Entramos a la precaria vivienda. José nos sigue y comienza a 
trabajar, pues el dueño de la finca le había encargado unos arreglos y 
le pagaría un buen precio por ellos. José tiene los pies sobre la 
tierra, sabe que debe alimentar a su familia y para ello sólo conoce un 
modo: su trabajo.
Tu, María, te dispones a preparar la cena. José no aparta la mirada 
de su labor, pero es evidente que sus pensamientos están en otro sitio, 
quizás detrás de los muros de un palacio, tratando de leer los 
pensamientos de un hombre fuera de sí, mas nada te dice. La cena 
transcurre en paz. La presencia de esos hombres y sus obsequios han 
dejado más preguntas que respuestas…¿Quiénes eran? ¿Por qué habían 
venido? ¿Cuál era el real significado de su presencia? … quizás 
representan a todos aquellos que no pertenecen al pueblo de Israel y 
para cuya Salvación también ha venido este niño. Demasiados 
acontecimientos y pocas explicaciones. La pareja se dispone a descansar 
pues al día siguiente deberán iniciar el camino hacia Jerusalén, para 
realizar la purificación de María, tal como lo establece la Ley.

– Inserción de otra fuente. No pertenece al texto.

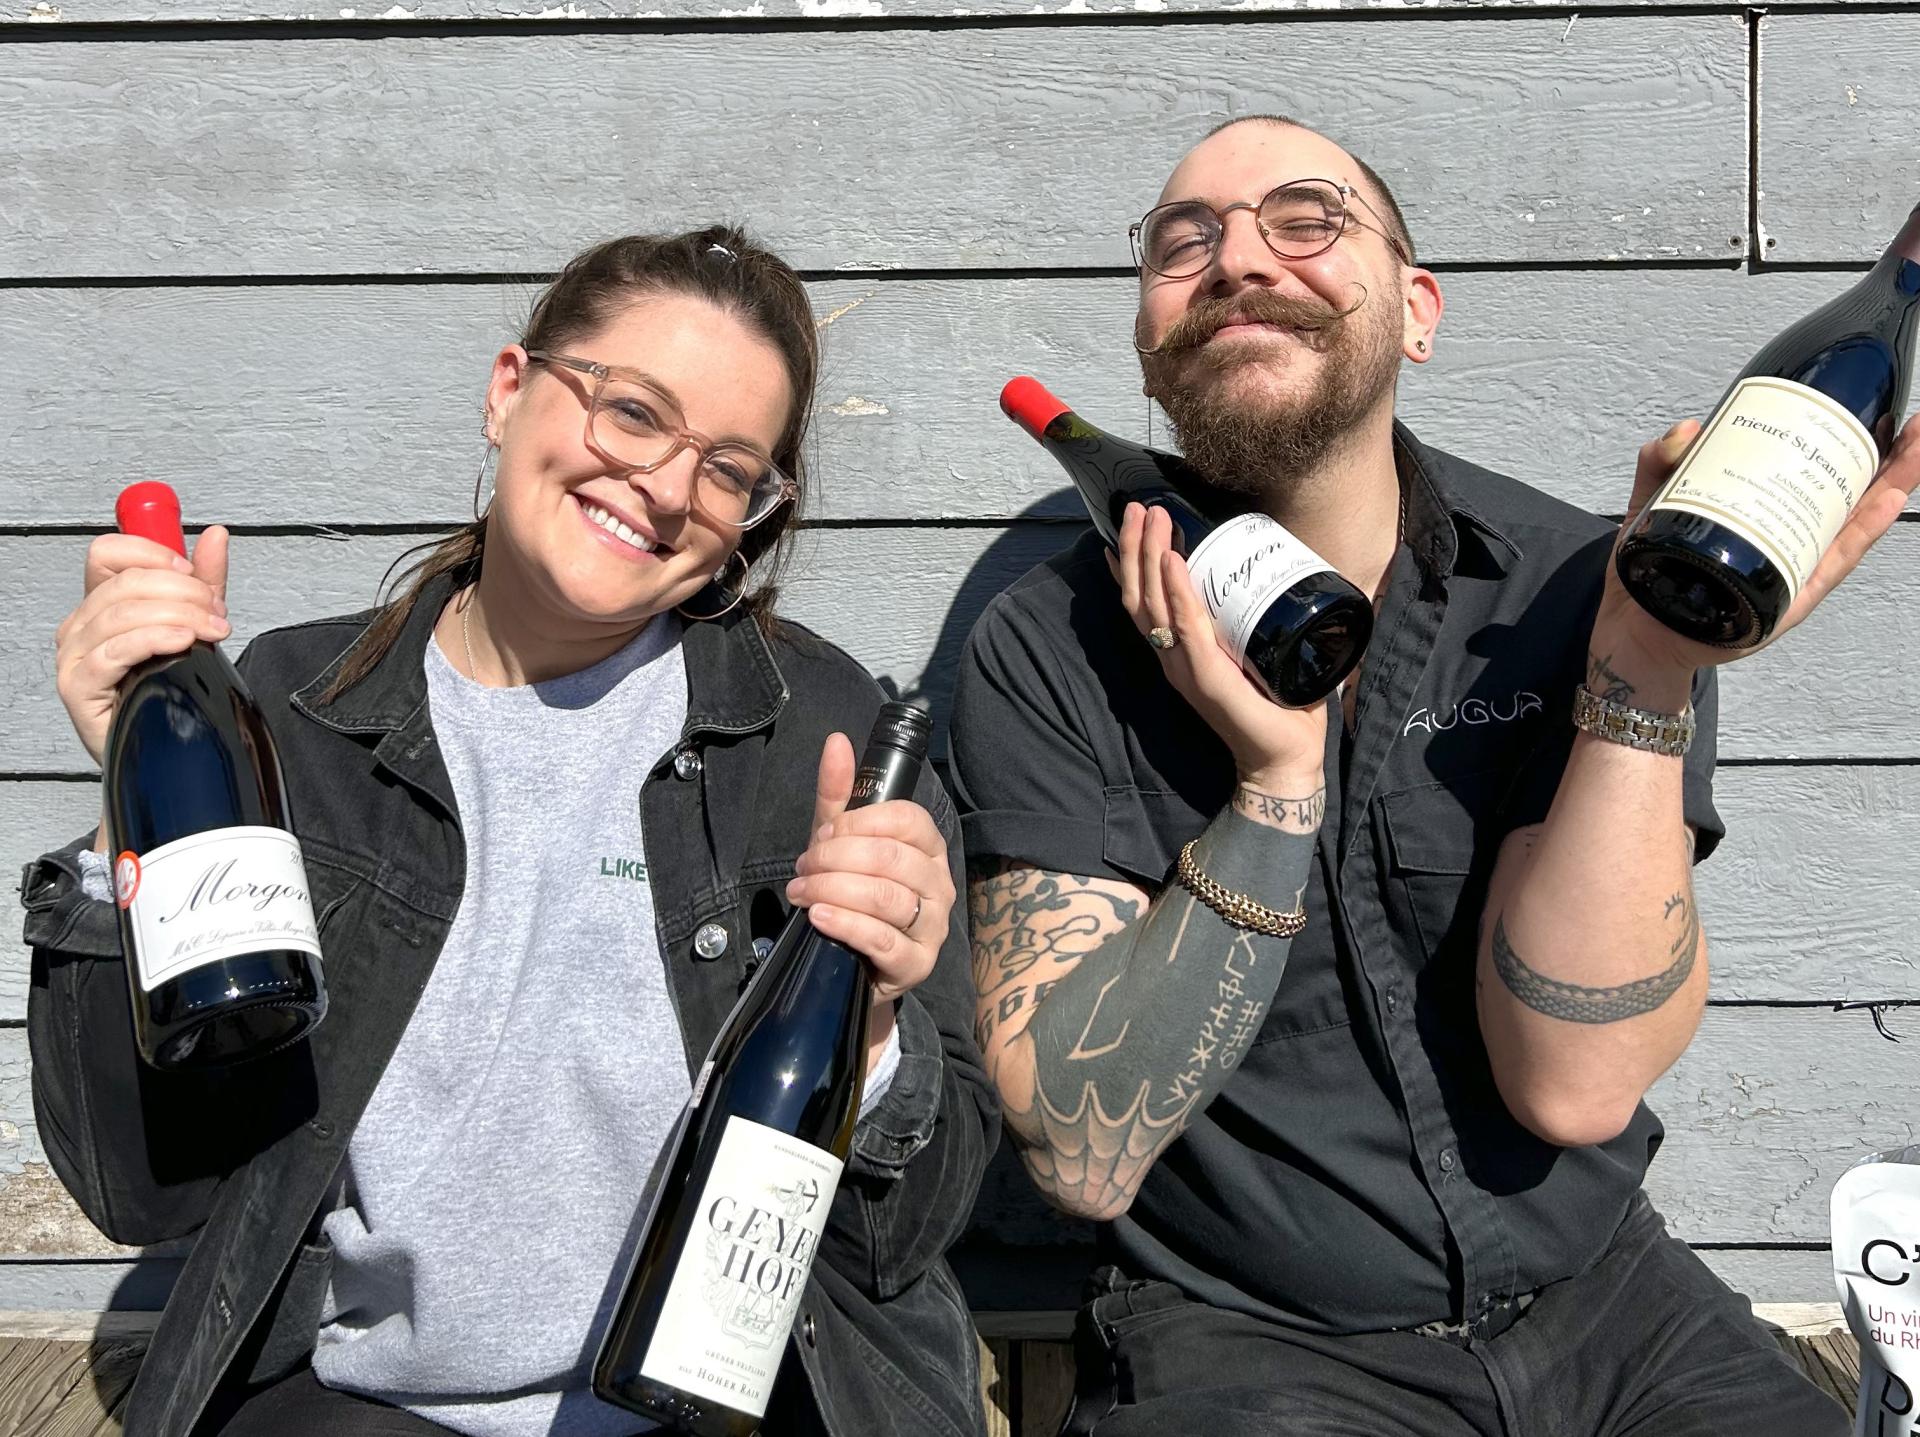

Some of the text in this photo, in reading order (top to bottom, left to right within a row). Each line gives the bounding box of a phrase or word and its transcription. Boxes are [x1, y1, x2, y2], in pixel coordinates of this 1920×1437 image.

Yo estoy allí, con ellos, no puedo dormir, siento miedo… conozco la 
historia… la he escuchado mil veces de labios de los sacerdotes. La he 
leído, pero no es lo mismo estar… estar… y todos, de alguna manera, 
alguna vez en la vida, también estamos dentro de esta historia… sólo 
que, enceguecidos por nuestro propio dolor, no nos damos cuenta.

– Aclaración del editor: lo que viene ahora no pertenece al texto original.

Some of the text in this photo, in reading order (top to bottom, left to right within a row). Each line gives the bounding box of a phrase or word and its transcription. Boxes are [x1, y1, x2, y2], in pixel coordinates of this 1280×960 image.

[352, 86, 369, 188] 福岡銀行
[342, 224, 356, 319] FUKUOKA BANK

A la mañana siguiente parten hacia Jerusalén, María me hace señas de
 que los siga. El camino es largo, el niño, pequeño aún. El animal que 
nos acompaña va cargado de las pocas pertenencias de los padres y, en su
 mayor parte, de los pañales y ropita del bebé, recibida generosamente 
de la esposa del dueño del pesebre.
Luego de la ceremonia del Templo volvimos a Belén, José se nota 
nervioso… no como quien desconfía de la protección de Dios, sino como un
 padre responsable que sólo desea actuar correctamente y no sabe cómo, 
pues presiente que Herodes no ha olvidado la presencia de los 
extranjeros, ni se quedará quieto ante lo que él considera una amenaza.
Durante los siguientes tres días la familia se dedica a organizar el
 retorno a Nazaret. José termina sus trabajos pendientes, consiguiendo 
de esta manera dinero para el viaje y retribuyendo, al mismo tiempo, la 
hospitalidad al dueño del pesebre, quien sólo pide como pago, el arreglo
 de una vieja mesa labrada herencia de su padre, trabajo realizado 
impecablemente por José.
Los planes del Señor y nuestros propios planes no van siempre por 
iguales caminos. La noche del tercer día no aparenta nada en especial, 
sólo un cielo cargado de nubarrones amenazantes. Hace frío, María 
amamanta a su niño y lo recuesta bien calentito en la cuna hecha por su 
esposo, y una blanca piel de cordero cubre las demás mantas con las que 
la joven madre abriga a su pequeño. El matrimonio cena al tiempo que 
comenta los últimos acontecimientos. José tiene largos silencios que 
inquietan el corazón de María quien, como esposa prudente, no pregunta. 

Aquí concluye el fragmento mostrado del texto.